Directions – All of the listing should be output exactly, apart from the pictures.
-*-*-
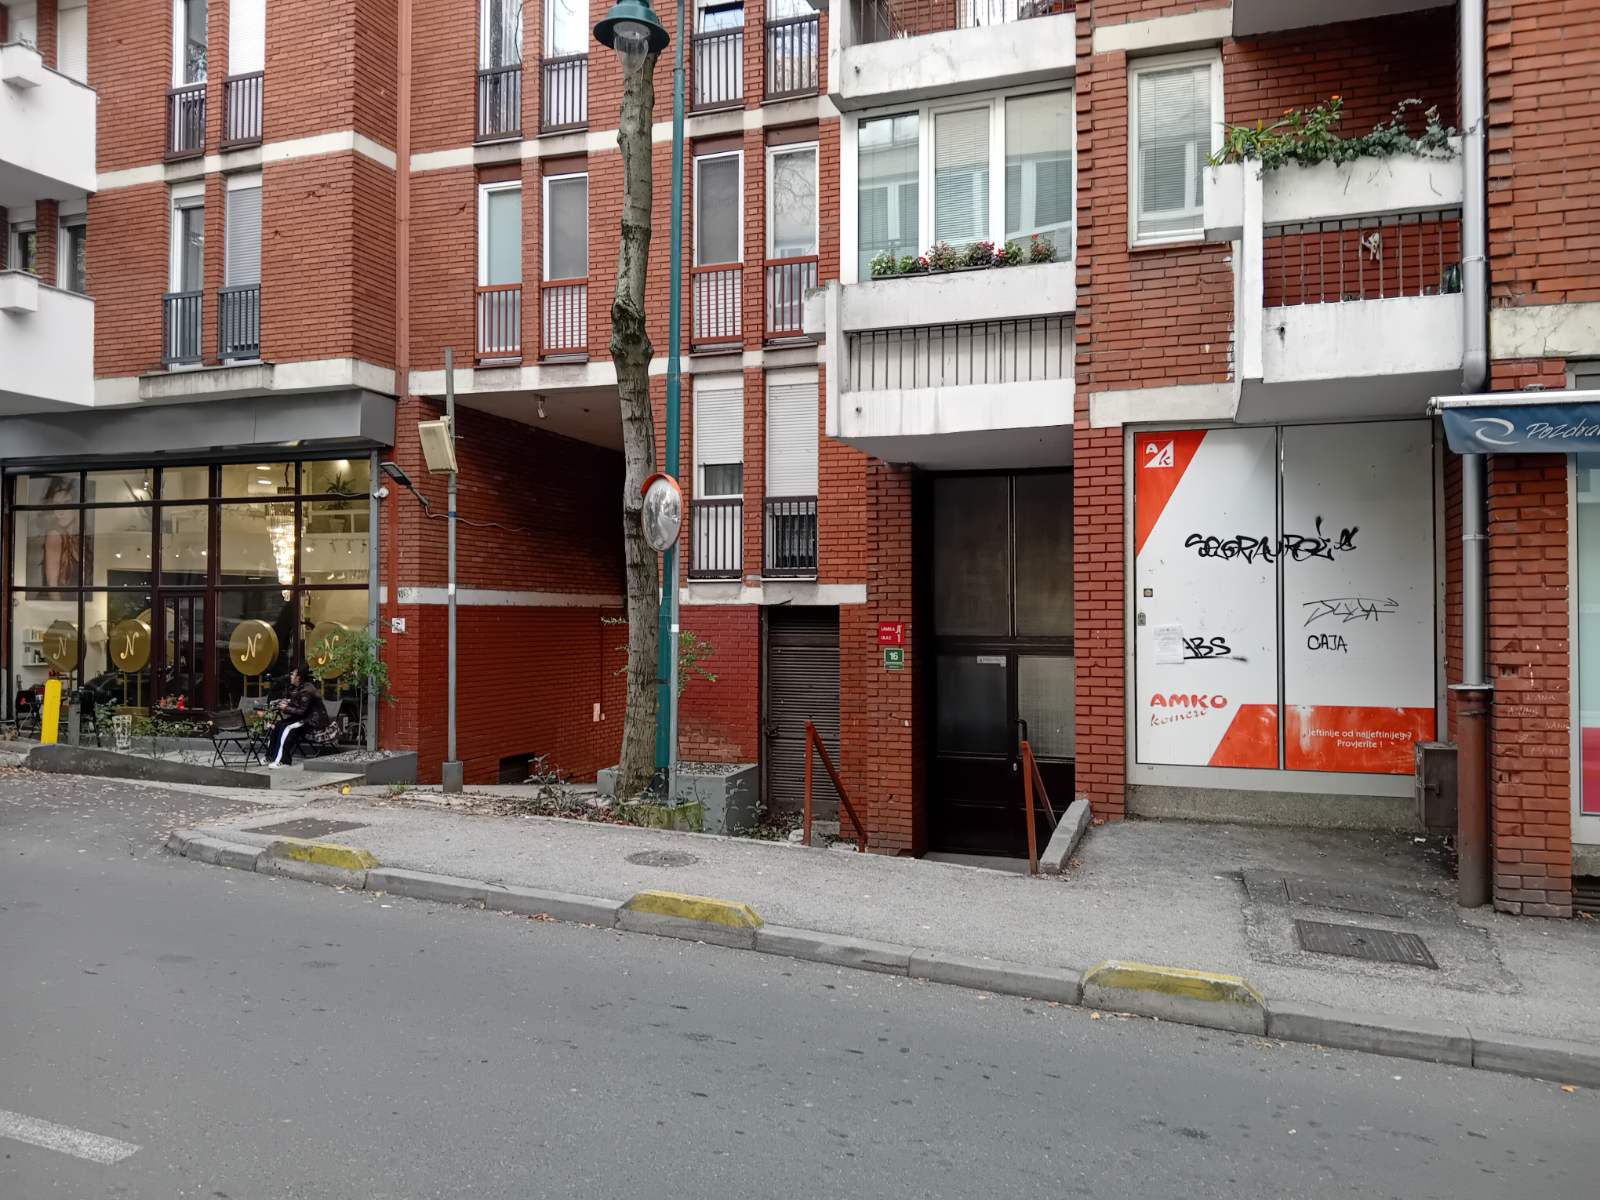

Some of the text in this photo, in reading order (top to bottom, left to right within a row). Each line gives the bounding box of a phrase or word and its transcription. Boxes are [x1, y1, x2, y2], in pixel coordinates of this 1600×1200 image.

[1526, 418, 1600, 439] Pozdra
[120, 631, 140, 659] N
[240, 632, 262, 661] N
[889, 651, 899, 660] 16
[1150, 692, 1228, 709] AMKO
-*-*-
Answer to this exercise –
Some of the text in this photo, in reading order (top to bottom, left to right within a row). Each line gives the bounding box of a phrase or word and its transcription. Boxes are [x1, y1, x2, y2], in pixel coordinates of this 1600×1200 image.

[1526, 418, 1600, 439] Pozdra
[120, 631, 140, 659] N
[240, 632, 262, 661] N
[889, 651, 899, 660] 16
[1150, 692, 1228, 709] AMKO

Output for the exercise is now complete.